Problem details – Without reproducing any picture, copy the records word for word.

Annotated photo localization data –

§ §

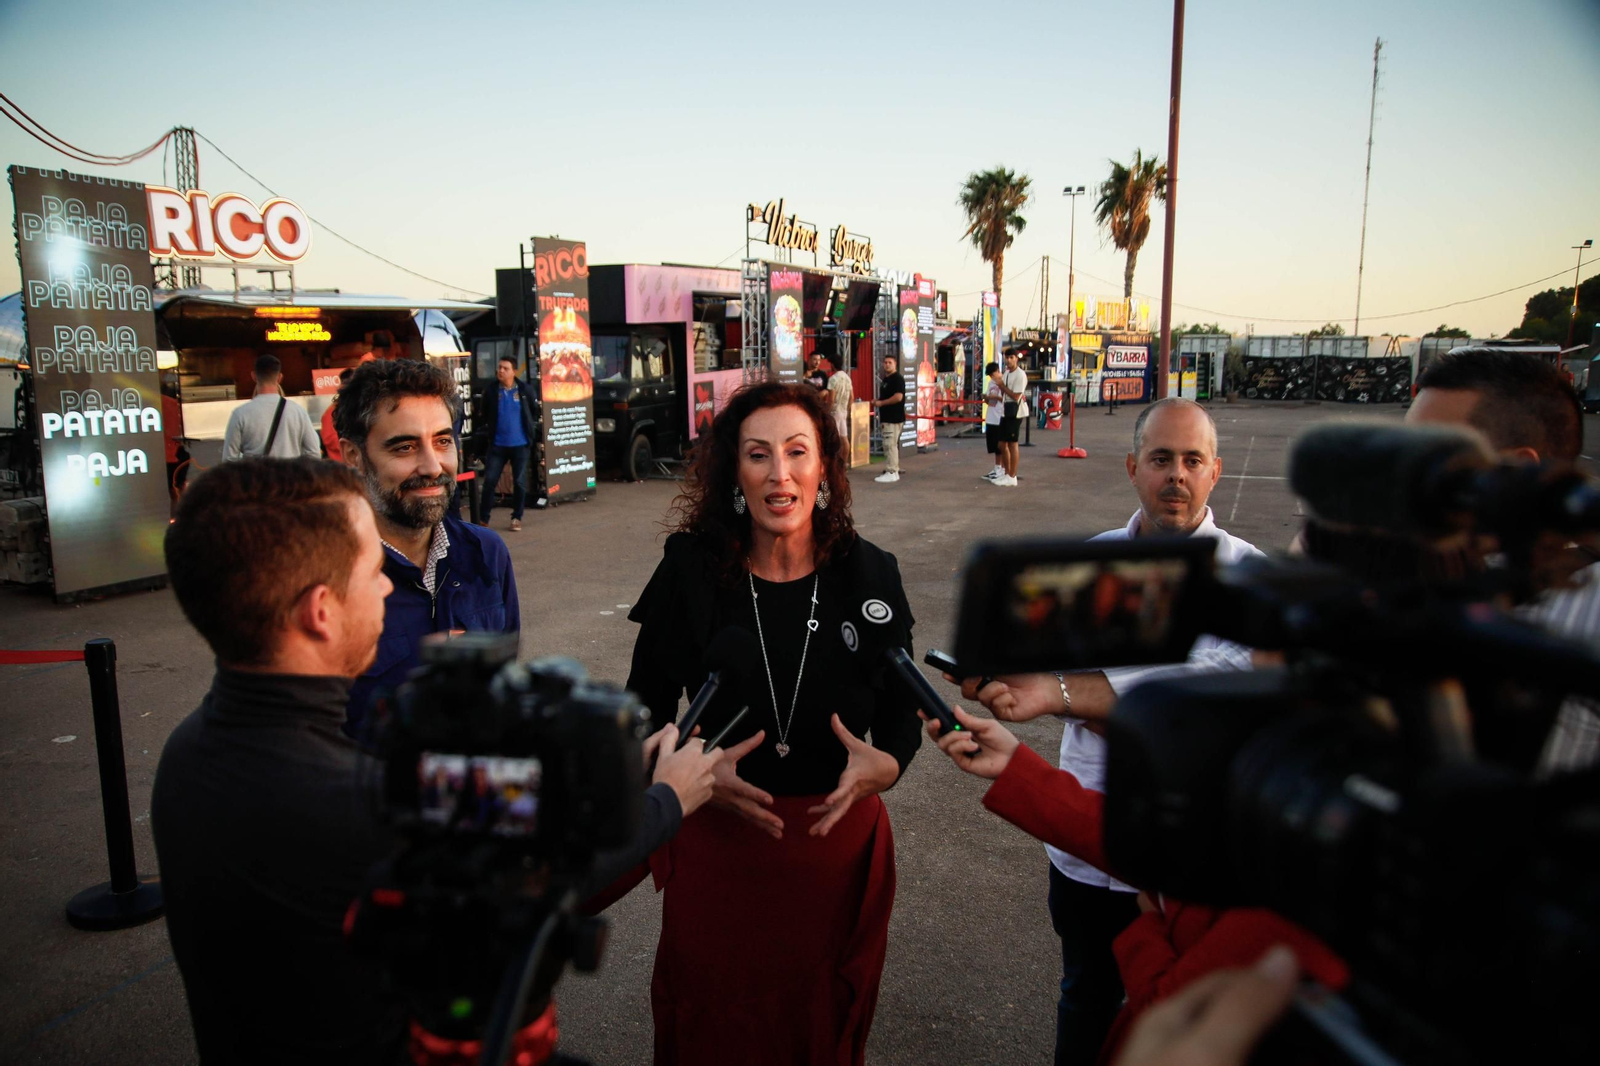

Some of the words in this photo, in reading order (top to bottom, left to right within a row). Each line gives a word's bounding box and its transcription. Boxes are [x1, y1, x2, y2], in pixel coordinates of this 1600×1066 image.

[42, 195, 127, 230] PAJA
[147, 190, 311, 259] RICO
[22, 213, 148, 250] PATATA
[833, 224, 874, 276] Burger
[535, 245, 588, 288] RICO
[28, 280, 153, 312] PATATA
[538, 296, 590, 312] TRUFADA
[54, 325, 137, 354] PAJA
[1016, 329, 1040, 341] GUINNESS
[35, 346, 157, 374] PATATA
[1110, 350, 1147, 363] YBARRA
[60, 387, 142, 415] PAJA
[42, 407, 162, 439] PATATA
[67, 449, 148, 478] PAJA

§ §

Solution for this task –
Some of the words in this photo, in reading order (top to bottom, left to right within a row). Each line gives a word's bounding box and its transcription. Boxes are [x1, y1, x2, y2], in pixel coordinates of this 1600×1066 image.

[42, 195, 127, 230] PAJA
[147, 190, 311, 259] RICO
[22, 213, 148, 250] PATATA
[833, 224, 874, 276] Burger
[535, 245, 588, 288] RICO
[28, 280, 153, 312] PATATA
[538, 296, 590, 312] TRUFADA
[54, 325, 137, 354] PAJA
[1016, 329, 1040, 341] GUINNESS
[35, 346, 157, 374] PATATA
[1110, 350, 1147, 363] YBARRA
[60, 387, 142, 415] PAJA
[42, 407, 162, 439] PATATA
[67, 449, 148, 478] PAJA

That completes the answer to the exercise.